En poco tiempo, Jaime Andrés Beltrán se ha visto envuelto en varios escándalos. Foto: Archivo
Misael Salazar F.
Paradójicamente, uno de los ministros por los cuales Abelardo De La Espriella siente más afecto, es, al mismo tiempo, el que ha ocasionado mayor número de escándalos en el breve tiempo que lleva el nuevo gobierno.
Los problemas con el titular de la Vivienda comenzaron tan ponto se anunció su nombramiento, por cuenta de una investigación en curso, conocida como “El caso de la chatarra”, hecho de presunta corrupción que sucedió mientras el pastor y comunicador social se desempeñaba como alcalde de Bucaramanga.
Incluso, en los círculos políticos cercanos y lejanos al nuevo gobierno, se llegó a decir que este polémico caso de desaparición misteriosa de la chatarra, podría crearle problemas al exalcalde, a la hora de aceptar el ministerio para el cual De La Espriella lo había seleccionado. Por fortuna, para el pastor, el caso pasó por debajo de la mesa y el presidente terminó designándolo en el ministerio.
Polémico viaje a la playa
El segundo escándalo protagonizado por el ya ministro de Vivienda no demoraría en llegar.
A tan solo 8 días de posesionado el nuevo gobierno y en medio de la crisis por el terremoto de 7,4 que afectó a Colombia el 10 de agosto, Jaime Andrés Beltrán apareció disfrutando en la playa como si se tratara de un turista en plenas vacaciones.
El hecho causó mucho malestar por dos motivos: Primero, porque se produjo a escasos días de la toma de posesión de Abelardo De La Espriella. Obviamente, los adversarios del pastor aprovecharon para, irónicamente, decir que el ministro no tenía ni ocho días en el cargo y ya estaba cansado, por lo que había solicitado vacaciones para ir a la playa.

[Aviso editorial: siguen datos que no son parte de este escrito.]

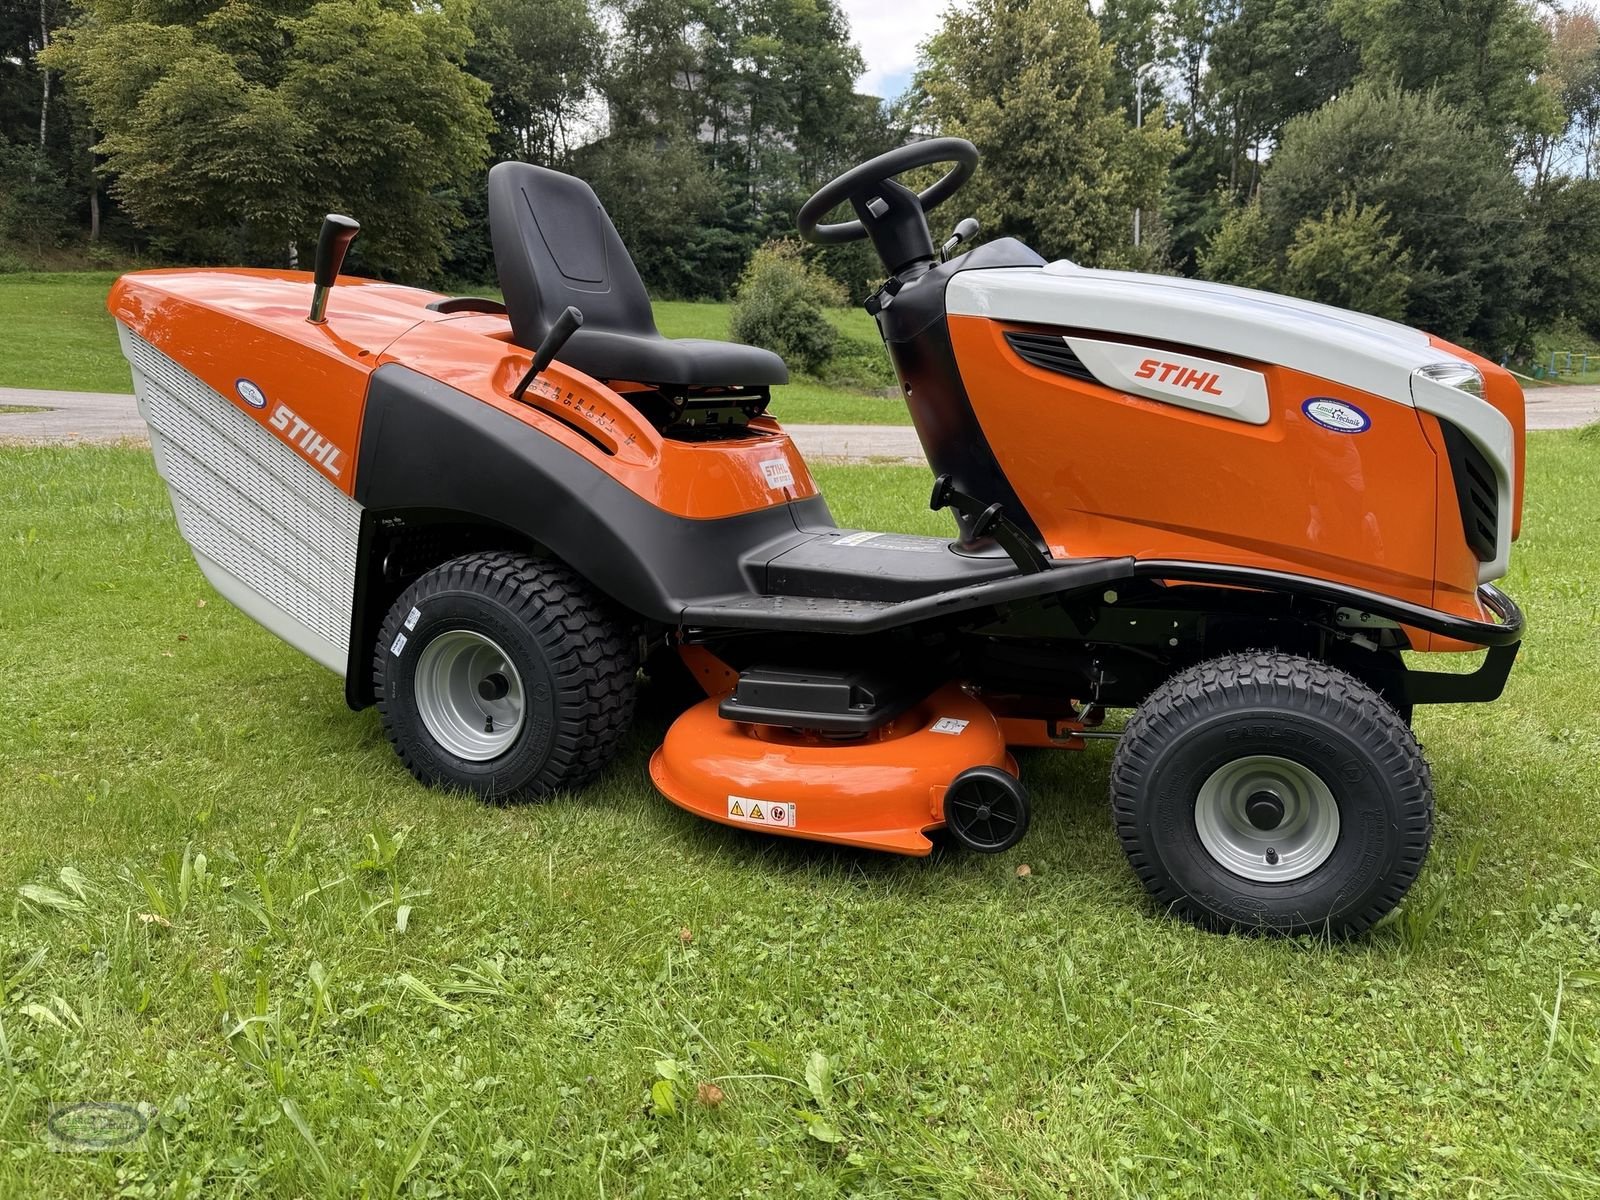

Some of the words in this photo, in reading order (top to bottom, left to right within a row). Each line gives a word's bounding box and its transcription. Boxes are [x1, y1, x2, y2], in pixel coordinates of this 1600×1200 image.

Segundo, porque las fotos del titular de la cartera de Vivienda aparecieron en medio de la crisis que vive el país, producto del terremoto y se suponía que el ministro debía estar contribuyendo a resolver la enorme crisis que dejó el devastador siniestro, con más de 30.000 edificaciones colapsadas o averiadas.
Para intentar poner fin a esta crisis, el ministro ofreció disculpas a los colombianos por su conducta y el capítulo pareció quedar saldado.
El sobrino de la contralora en el ministerio
El siguiente escándalo del ministro no demoraría en llegar.
El 11 de agosto, 4 días luego de la toma de posesión del ministro de Vivienda, Jaime Andrés Beltrán designó como asesor del ministerio a Wilson González Vargas, un ciudadano muy cercano al pastor y quien lo acompañó mientras fue alcalde de Bucaramanga.
El nombramiento hubiera resultado normal, si no fuera porque Wilson Gonzáles Vargas es sobrino de la contralora de Bucaramanga, Jazmín González, la misma funcionaria que debe investigar el caso de la chatarra, en la cual el investigado es el hoy ministro de Vivienda.
Por supuesto, la lluvia de críticas no cesa, máxime cuando el presidente Abelardo De La Espriella ha dicho, desde su campaña y durante el tiempo que lleva en el gobierno, que no tolerará actos de corrupción en su gobierno.
Es evidente que, con el sobrino de la contralora municipal en un cargo de asesor del ministro de Vivienda, la investigación contra el exalcalde, por el caso de la chatarra, podría verse afectada.